Abstract:
The used car market is expanding rapidly, yet fraud, misrepresented evaluations, and biased pricing erode trust between buyers and sellers. Traditional inspections are time-intensive, expensive, and subjective. To address these, the Automobile Inspector an AI-powered system automates vehicle condition assessment, fair pricing, and cost estimation, including a trip cost, fuel efficiency, and city-to-city calculator. It leverages Python, TensorFlow, PyTorch, OpenCV, and YOLO with a teacher-student framework (YOLOv8x as teacher, YOLOv8L as student) for detecting components like engines, interiors, and exteriors. The interior model uses DenseNet121 with transfer learning; sound analysis for early mechanical fault detection employs MFCC+CNN; text-based models incorporate XGBoost.

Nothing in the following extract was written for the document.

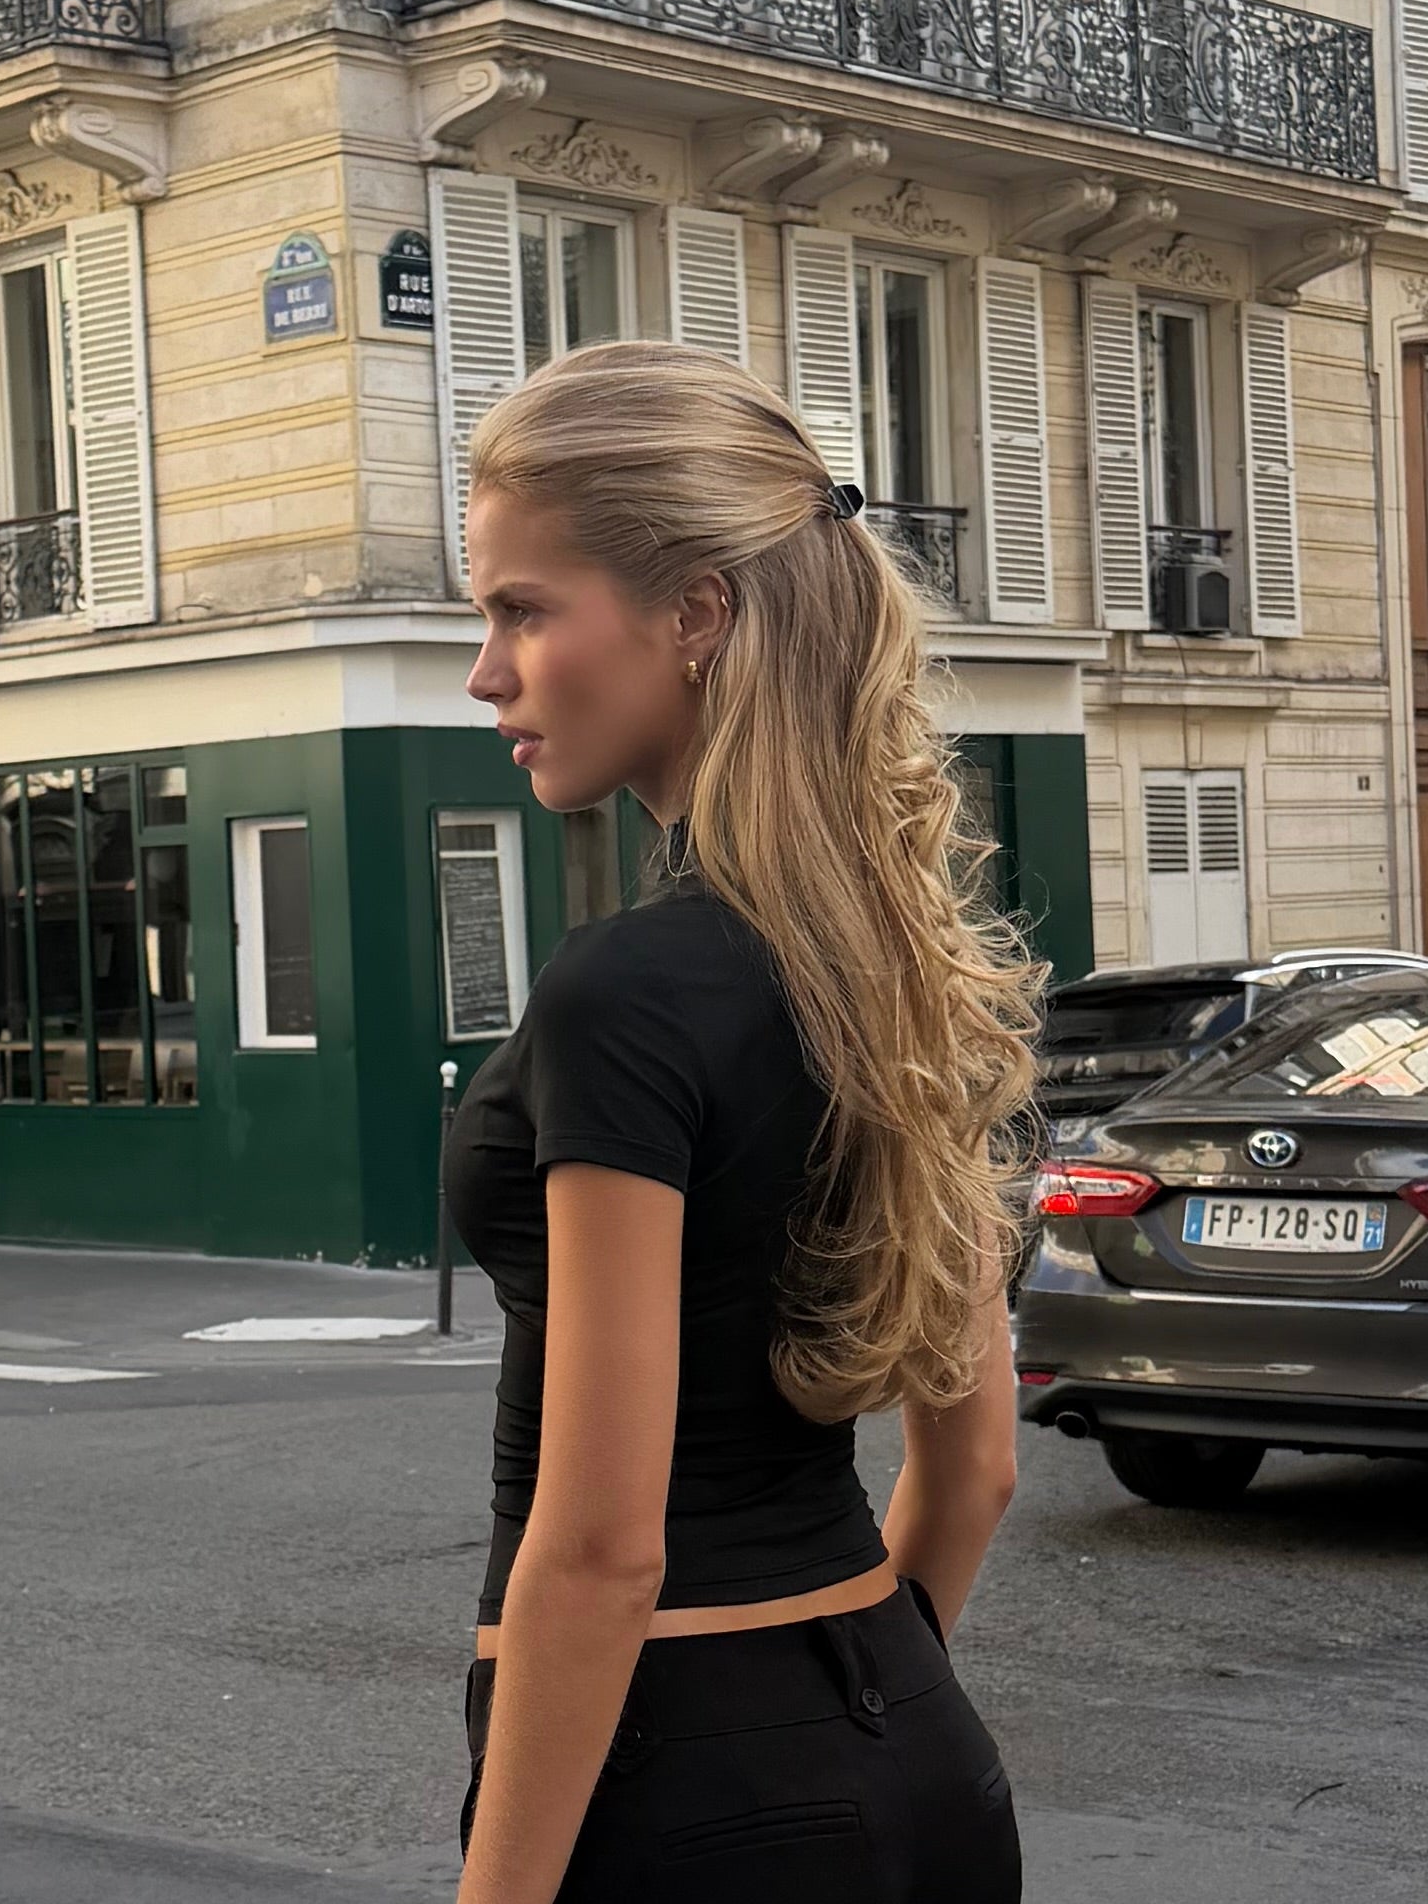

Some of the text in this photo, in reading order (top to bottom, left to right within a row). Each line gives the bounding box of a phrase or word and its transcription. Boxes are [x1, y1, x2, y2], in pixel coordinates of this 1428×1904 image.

Datasets are sourced from IAAI.com and Copart.com for engine sounds, interior/exterior images, and text features, plus additional engine sounds from YouTube and TikTok. Sophisticated image processing identifies dents, scratches, and structural defects. The frontend is built with Flutter and Dart, connected to Firebase for user authentication, while the backend uses FastAPI and MongoDB to store user-inputted images.
The system provides real-time market-based price forecasting, a RAG based chatbot for interactive queries, and a report generation feature that produces full-fledged PDF reports of car analysis. Overall accuracy we got in models is 81% ,it delivers objective, data-driven insights that empower buyers with transparency and confidence while boosting sellers' credibility.